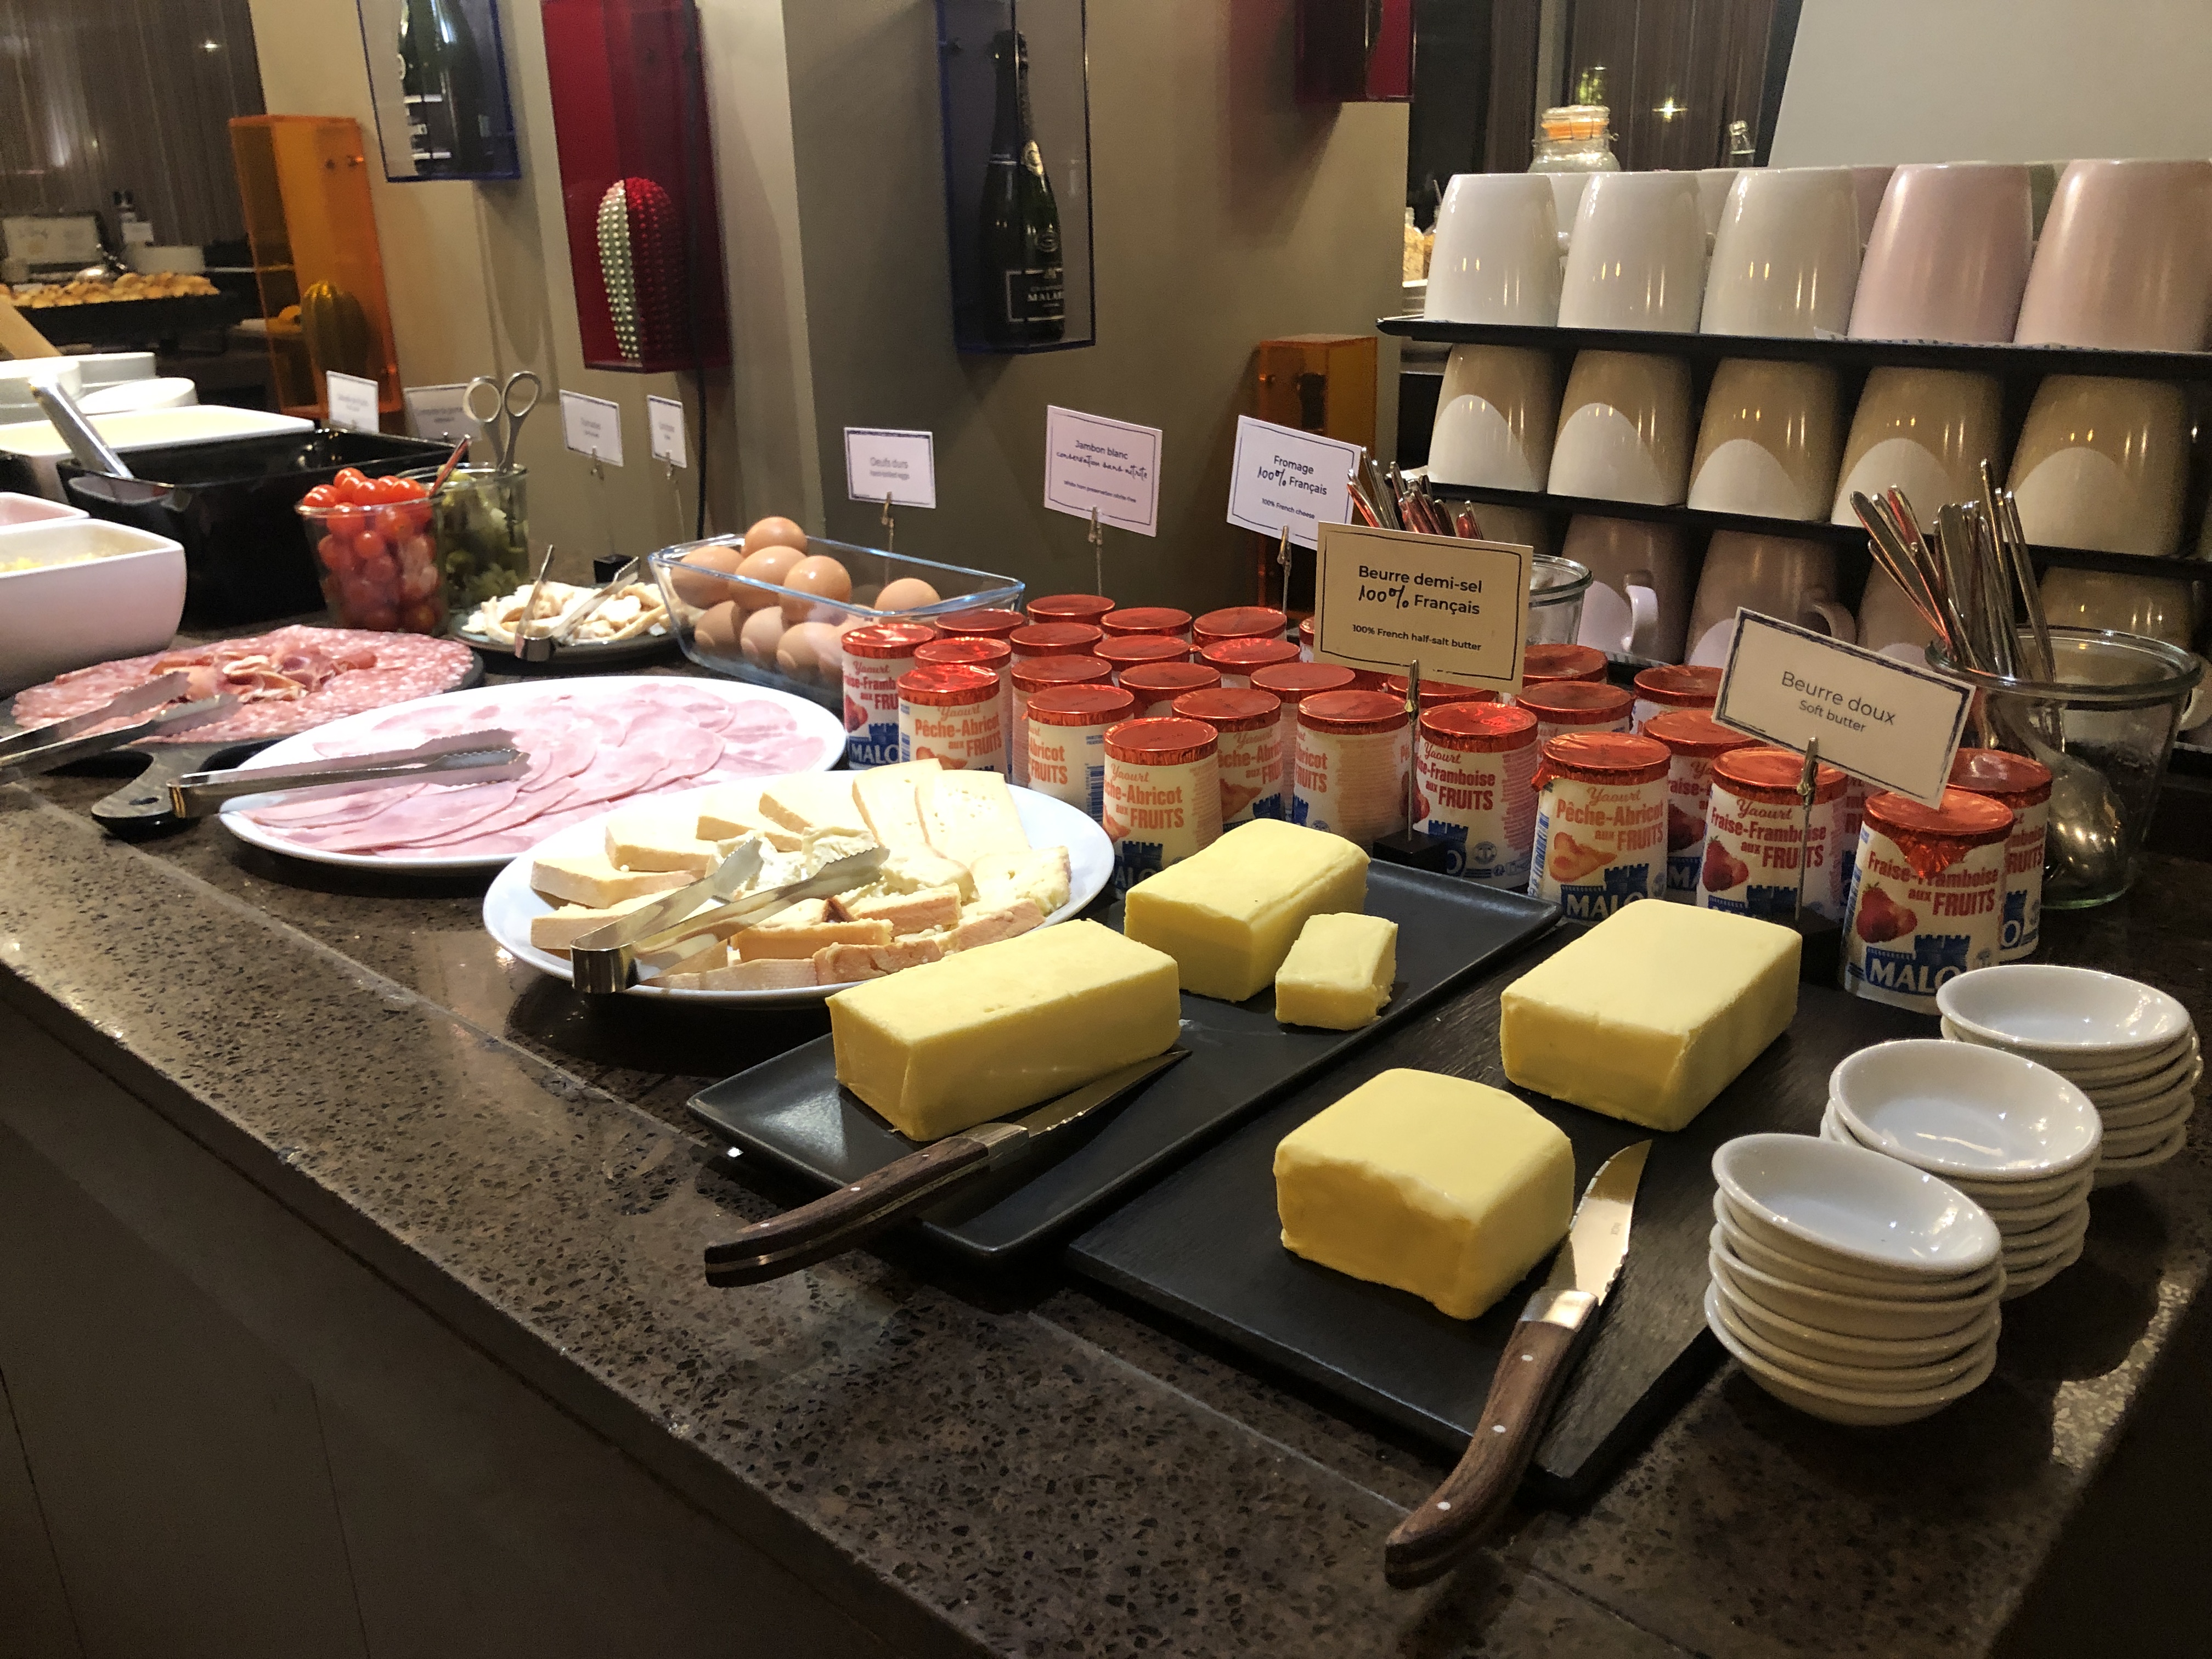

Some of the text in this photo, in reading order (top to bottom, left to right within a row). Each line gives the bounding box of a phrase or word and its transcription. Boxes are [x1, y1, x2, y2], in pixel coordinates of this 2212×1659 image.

[1075, 440, 1128, 460] Jambon blanc
[1274, 455, 1314, 475] Fromage
[1257, 466, 1327, 495] 100% Français
[1262, 498, 1315, 519] 100% French cheese
[1359, 566, 1482, 593] Beurre demi-sel
[1358, 585, 1480, 614] 100% Français
[1352, 624, 1481, 651] 100% French half-salt butter
[853, 661, 890, 675] Yaourt
[1782, 671, 1895, 725] Beurre doux
[915, 712, 1000, 738] Pêche-Abricot
[1799, 699, 1866, 732] Soft butter
[851, 743, 899, 764] MALO
[948, 730, 1002, 757] aux FRUITS
[1424, 742, 1462, 764] Yaourt
[1111, 763, 1149, 782] Yaourt
[1426, 780, 1493, 810] aux FRUITS
[1587, 786, 1642, 806] Yaourt
[1116, 804, 1184, 830] aux FRUITS
[1556, 799, 1664, 826] Pêche-Abricot
[1736, 798, 1792, 820] Yaourt
[1595, 822, 1663, 851] aux FRUITS
[1741, 842, 1824, 869] aux FRUTS
[1908, 888, 1995, 916] aux FRUITS
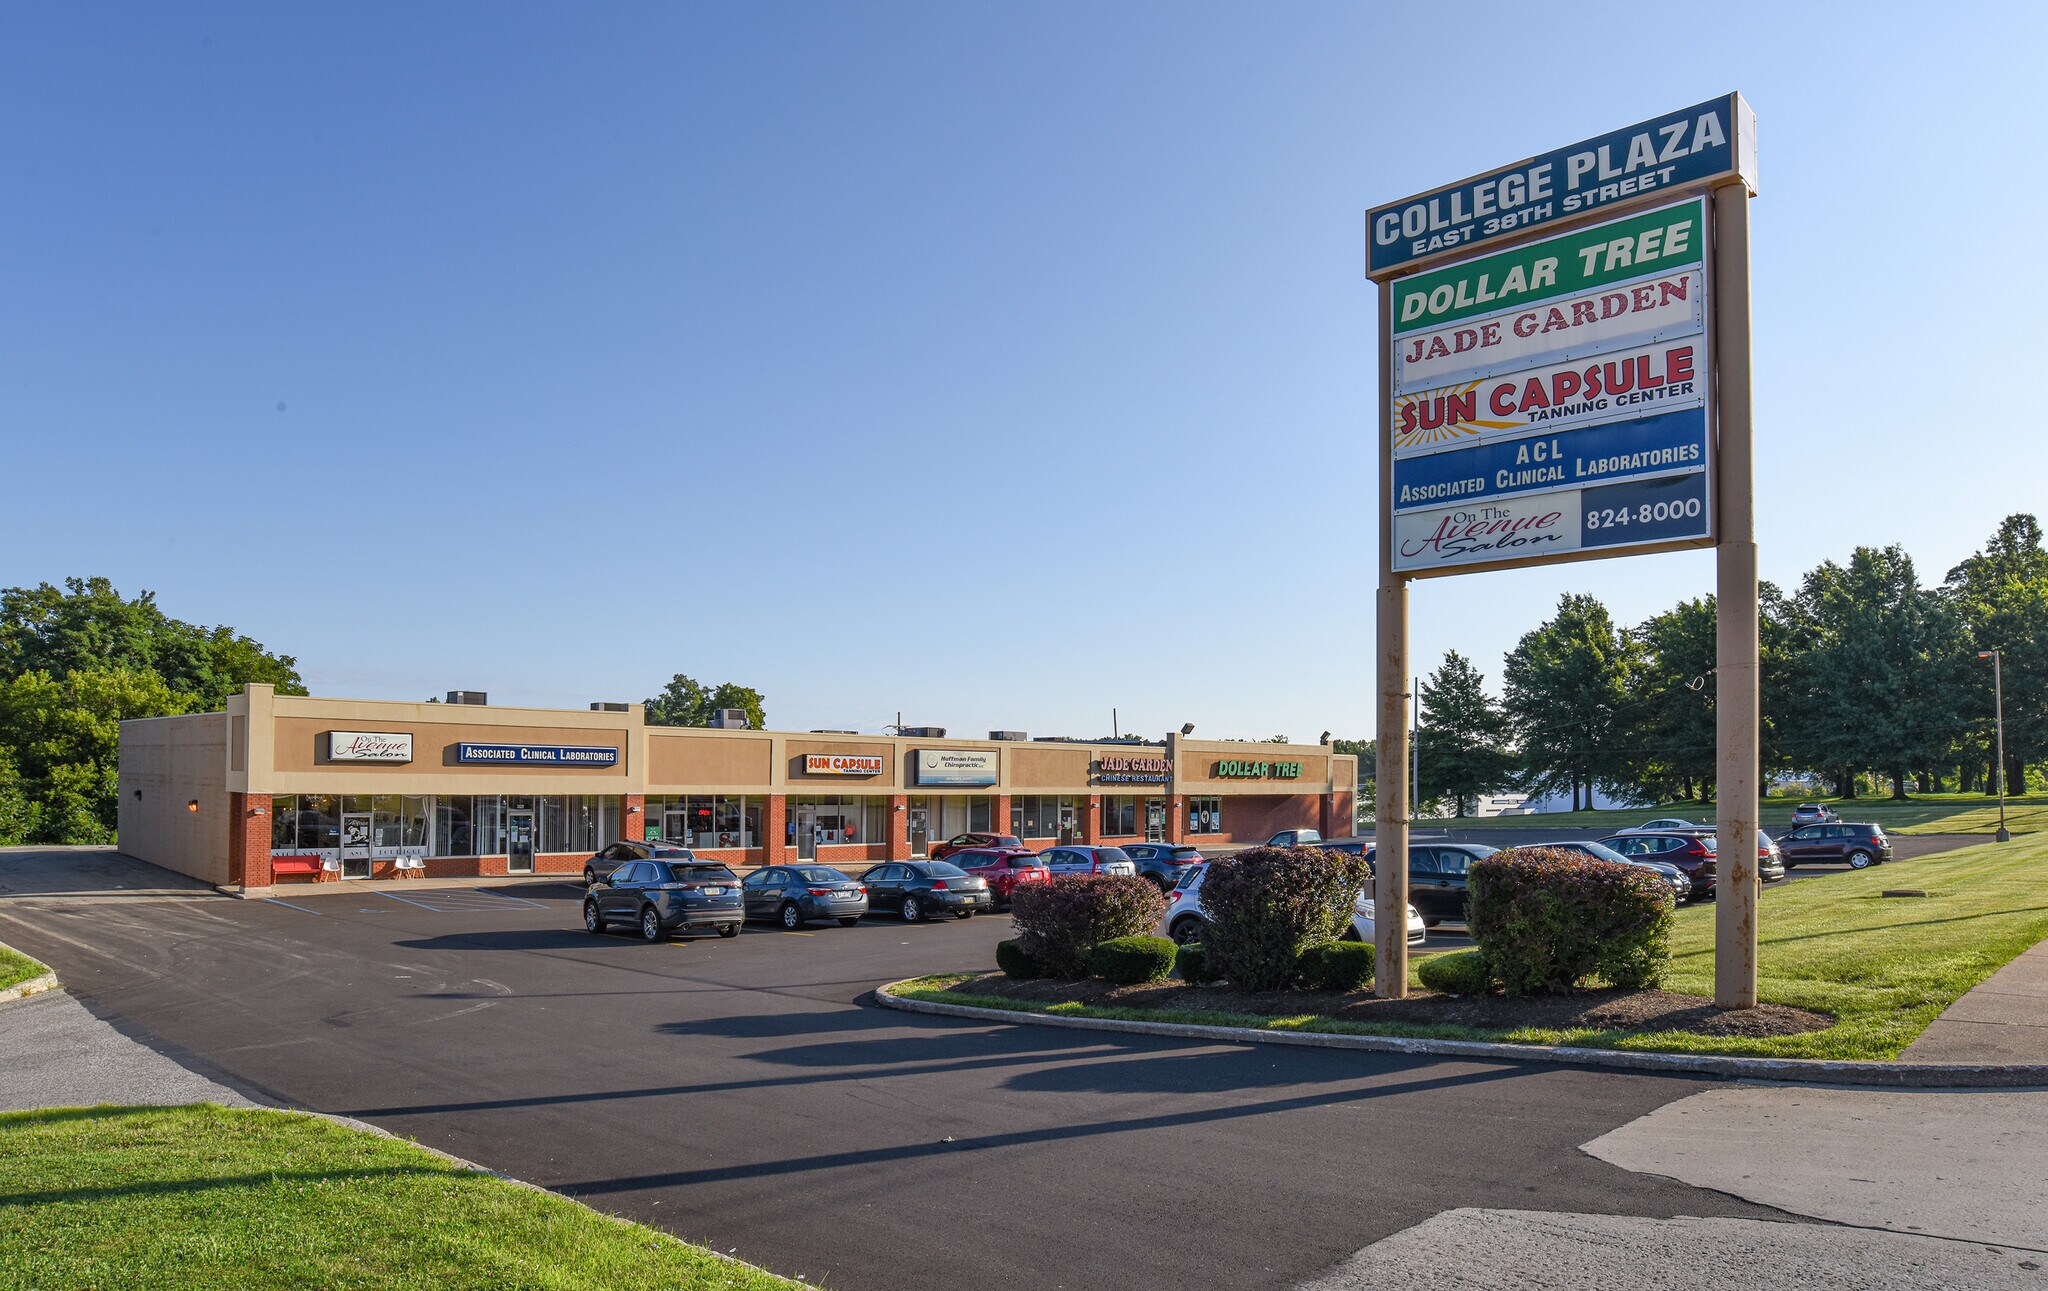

Task item
Leave the pictures out, and print every line of the listing exactly as written.

Output for this task
Some of the text in this photo, in reading order (top to bottom, left to right within a row). Each line gives the bounding box of a phrase or word and its transcription. Boxes are [x1, y1, x2, y2], in pixel coordinates of this 2212×1659 image.

[1075, 440, 1128, 460] Jambon blanc
[1274, 455, 1314, 475] Fromage
[1257, 466, 1327, 495] 100% Français
[1262, 498, 1315, 519] 100% French cheese
[1359, 566, 1482, 593] Beurre demi-sel
[1358, 585, 1480, 614] 100% Français
[1352, 624, 1481, 651] 100% French half-salt butter
[853, 661, 890, 675] Yaourt
[1782, 671, 1895, 725] Beurre doux
[915, 712, 1000, 738] Pêche-Abricot
[1799, 699, 1866, 732] Soft butter
[851, 743, 899, 764] MALO
[948, 730, 1002, 757] aux FRUITS
[1424, 742, 1462, 764] Yaourt
[1111, 763, 1149, 782] Yaourt
[1426, 780, 1493, 810] aux FRUITS
[1587, 786, 1642, 806] Yaourt
[1116, 804, 1184, 830] aux FRUITS
[1556, 799, 1664, 826] Pêche-Abricot
[1736, 798, 1792, 820] Yaourt
[1595, 822, 1663, 851] aux FRUITS
[1741, 842, 1824, 869] aux FRUTS
[1908, 888, 1995, 916] aux FRUITS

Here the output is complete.